(Task description)
The entries below are to be repeated exactly, with the pictures left out.

(Extracted material)

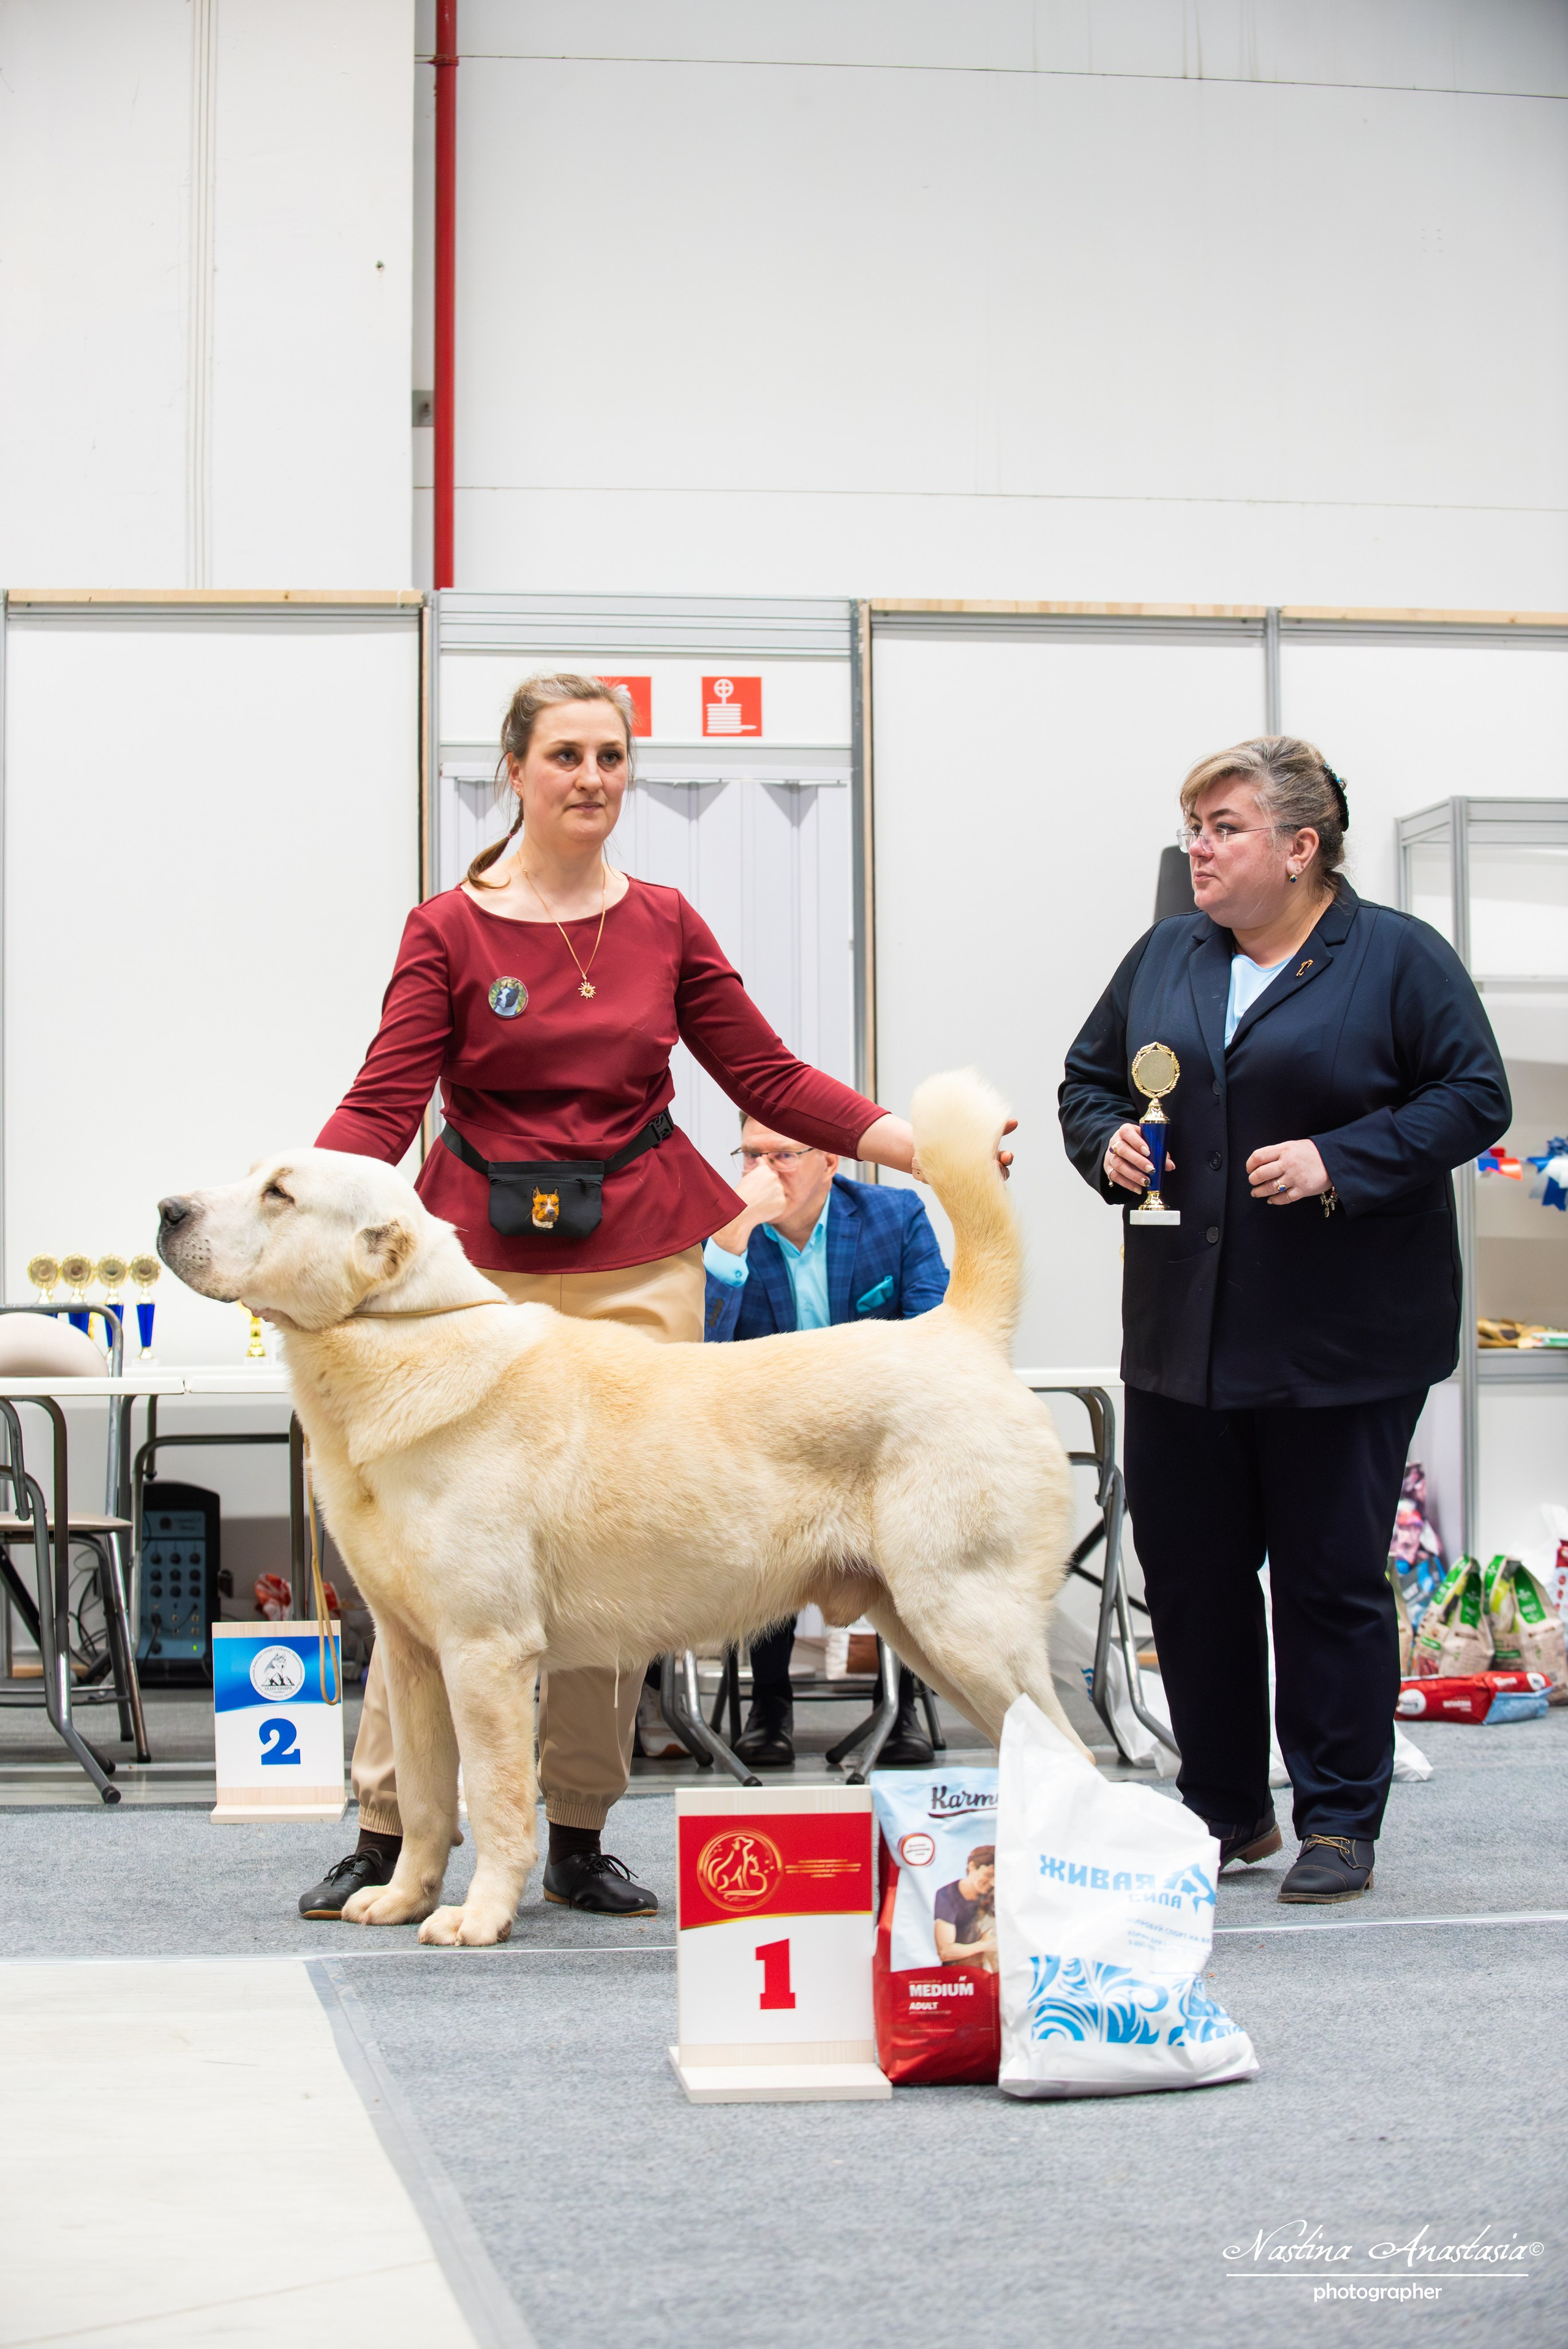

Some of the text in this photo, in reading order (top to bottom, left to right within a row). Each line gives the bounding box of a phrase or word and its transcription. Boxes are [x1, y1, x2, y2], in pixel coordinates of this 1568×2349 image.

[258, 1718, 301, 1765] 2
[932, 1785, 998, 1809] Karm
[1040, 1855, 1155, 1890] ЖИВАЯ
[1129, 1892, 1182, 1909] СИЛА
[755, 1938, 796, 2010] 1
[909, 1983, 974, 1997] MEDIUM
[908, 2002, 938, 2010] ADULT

(Completed task)
Some of the text in this photo, in reading order (top to bottom, left to right within a row). Each line gives the bounding box of a phrase or word and its transcription. Boxes are [x1, y1, x2, y2], in pixel coordinates of this 1568×2349 image.

[258, 1718, 301, 1765] 2
[932, 1785, 998, 1809] Karm
[1040, 1855, 1155, 1890] ЖИВАЯ
[1129, 1892, 1182, 1909] СИЛА
[755, 1938, 796, 2010] 1
[909, 1983, 974, 1997] MEDIUM
[908, 2002, 938, 2010] ADULT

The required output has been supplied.